Real-time PCR method for quantification of Staphylococcus aureus in milk

• Published in: Journal of food protection Vol. 70; no. 1; pp. 90 - 96
• Main Authors: GOTO, M, TAKAHASHI, H, SEGAWA, Y, HAYASHIDANI, H, TAKATORI, K, HARA-KUDO, Y
• Format: Journal Article
• Language: English
• Published: Des Moines, IA International Association of Milk, Food and Environmental Sanitarians 2007
• Subjects: Animals; Base Sequence; Biological and medical sciences; Cattle; Colony Count, Microbial; Consumer Product Safety; DNA, Bacterial - analysis; Food Contamination - analysis; Food industries; Food microbiology; Fundamental and applied biological sciences.

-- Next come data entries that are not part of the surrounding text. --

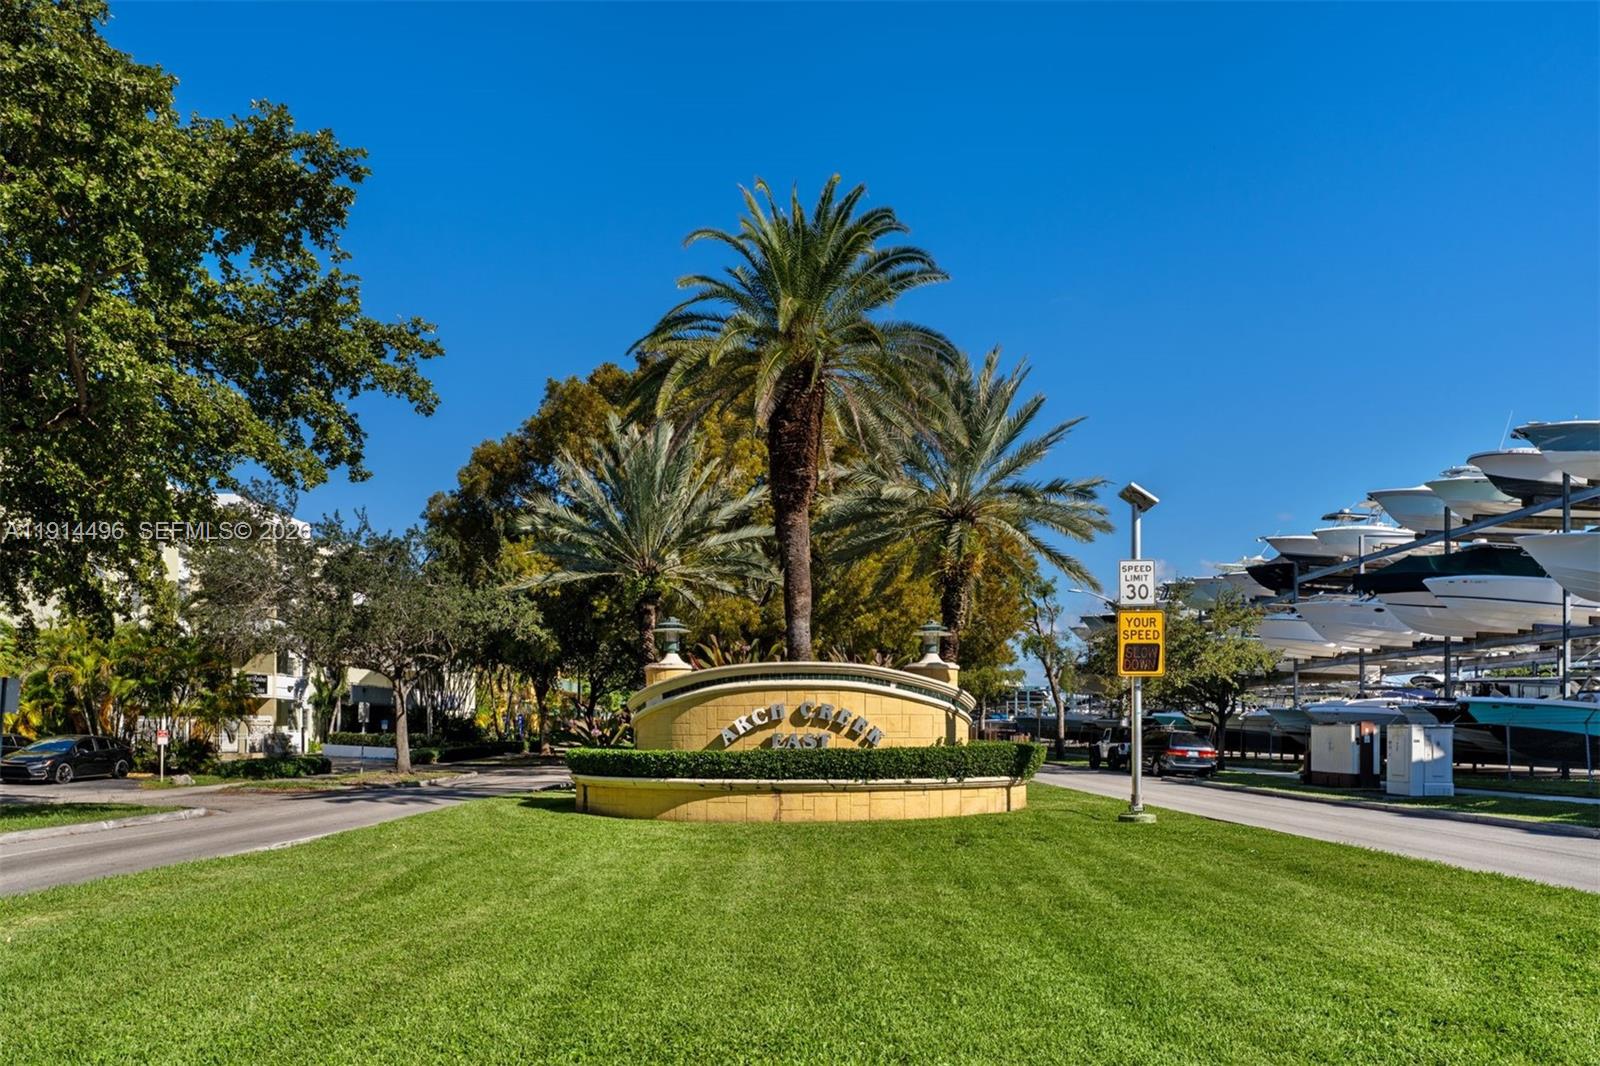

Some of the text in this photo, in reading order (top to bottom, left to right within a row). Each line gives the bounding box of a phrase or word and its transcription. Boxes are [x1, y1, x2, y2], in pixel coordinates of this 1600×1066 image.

[1121, 565, 1152, 573] SPEED
[1125, 574, 1149, 582] LIMIT
[1126, 584, 1149, 600] 30
[1125, 617, 1157, 628] YOUR
[1122, 630, 1160, 640] SPEED
[1126, 647, 1158, 658] SLOW
[720, 701, 885, 747] ARCH CREEK
[771, 733, 831, 749] EAST
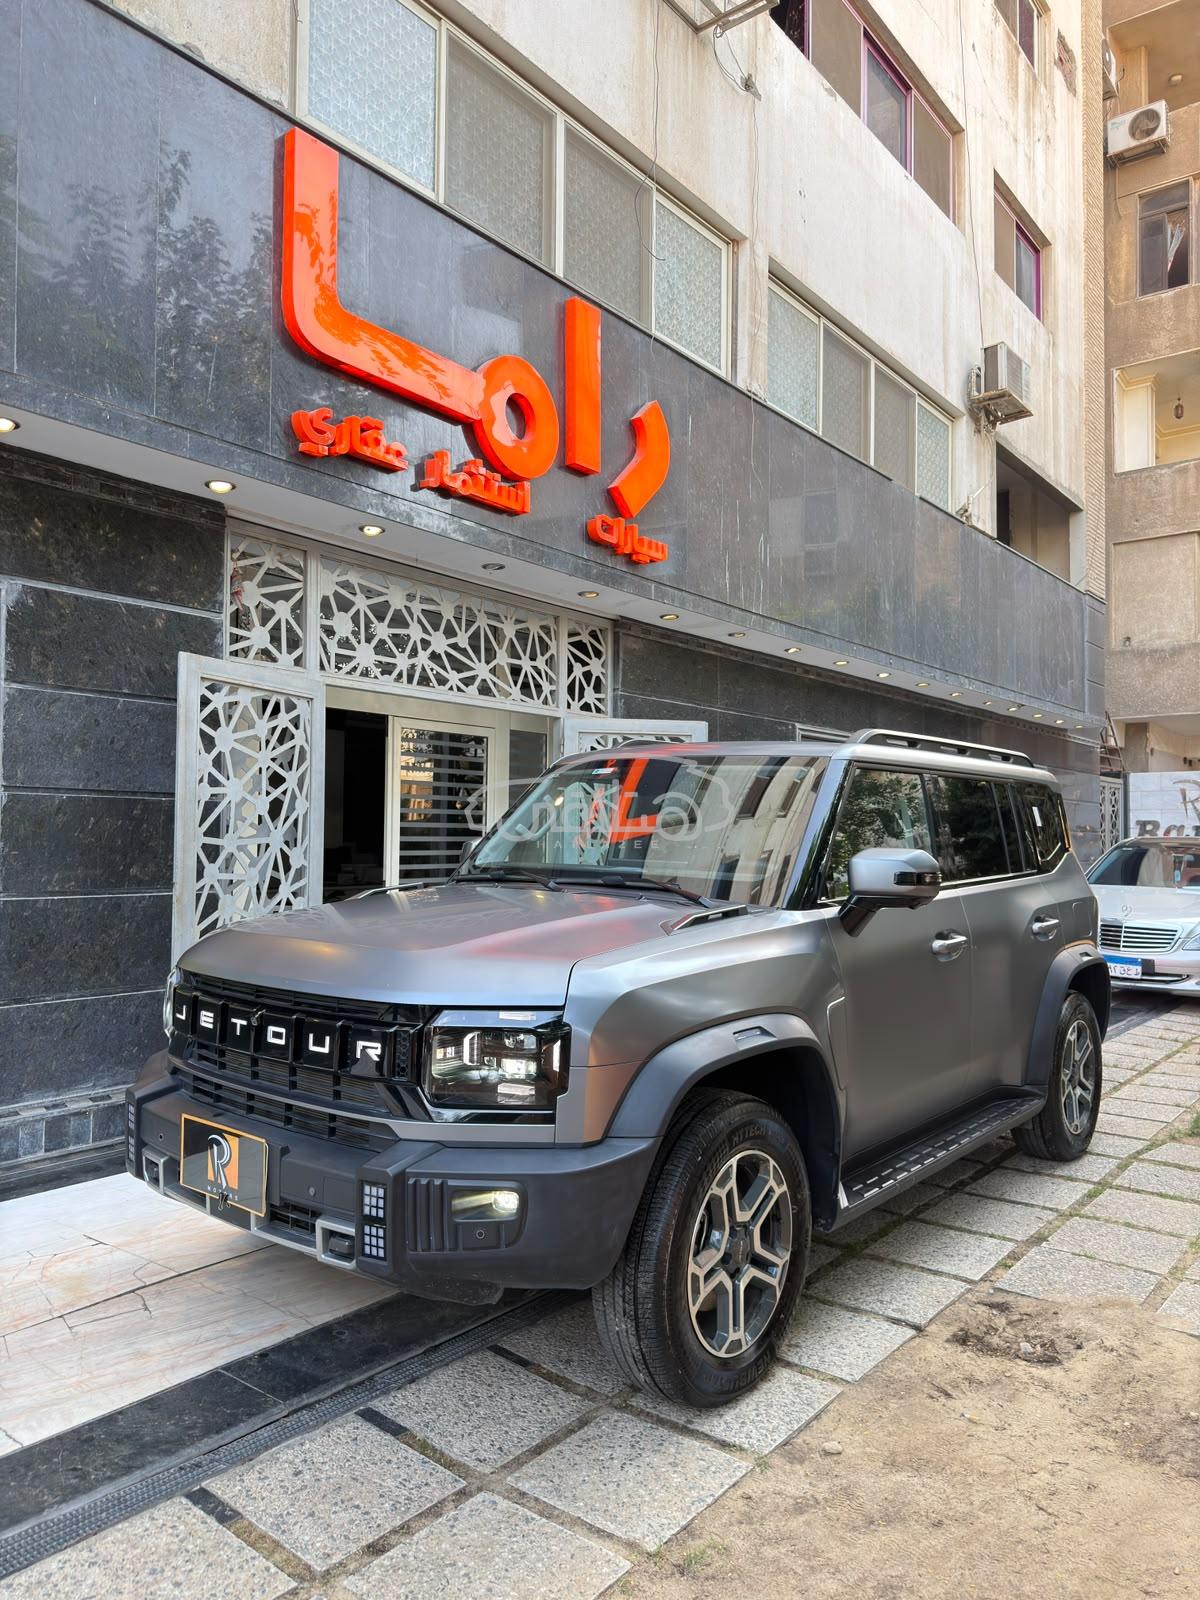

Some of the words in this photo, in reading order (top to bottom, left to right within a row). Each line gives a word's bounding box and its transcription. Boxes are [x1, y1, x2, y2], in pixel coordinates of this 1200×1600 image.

Psychology; Hot Temperature; Humans; Milk - microbiology; Milk and cheese industries. Ice creams; Polymerase Chain Reaction - methods; Sensitivity and Specificity; Species Specificity; Staphylococcus aureus; Staphylococcus aureus - isolation & purification; Time Factors; Polymerase chain reaction; Dairy product; Bacteria; Micrococcales; Micrococcaceae; Method; Molecular biology; Real time; Staphylococcus aureus; Quantitative analysis; Milk
• ISSN: 0362-028X; 1944-9097
• DOI: 10.4315/0362-028X-70.1.90

A reproducible real-time PCR method that targets the putative transcriptional regulator gene of Staphylococcus aureus was developed to quantify this microorganism in milk samples. On the basis of partial sequences of this gene determined from S. aureus strains, we designed the specific primers and probe for use in a quantitative PCR assay. These specificities were confirmed with 25 strains of S. aureus and 35 strains of other bacteria. A real-time PCR assay with serial 10-fold dilutions of purified DNA and pure culture was conducted. It was possible to construct standard curves with a high correlation coefficient (r2 = 0.99) in the range of 50 ng to 50 fg for purified DNA and 10(7) to 10(1) CFU/ml for a pure culture. The constructed standard curve for milk samples was similar to that for the pure culture, and the quantification of S. aureus in the range of 10(7) to 10(1) CFU/ml was possible. Moreover, to determine how our real-time PCR method would perform under actual analytical conditions, we quantified the DNA from S. aureus after two types of heat treatments were used for the pasteurization of milk. The amount of DNA found was affected after heat treatment at 63 degrees C for 30 min (low-temperature long-time method) but not at 72 degrees C for 15 s (high-temperature short-time method). The results indicate that the real-time PCR method developed in this study is effective for monitoring S. aureus contamination in milk because of its high specificity and sensitivity.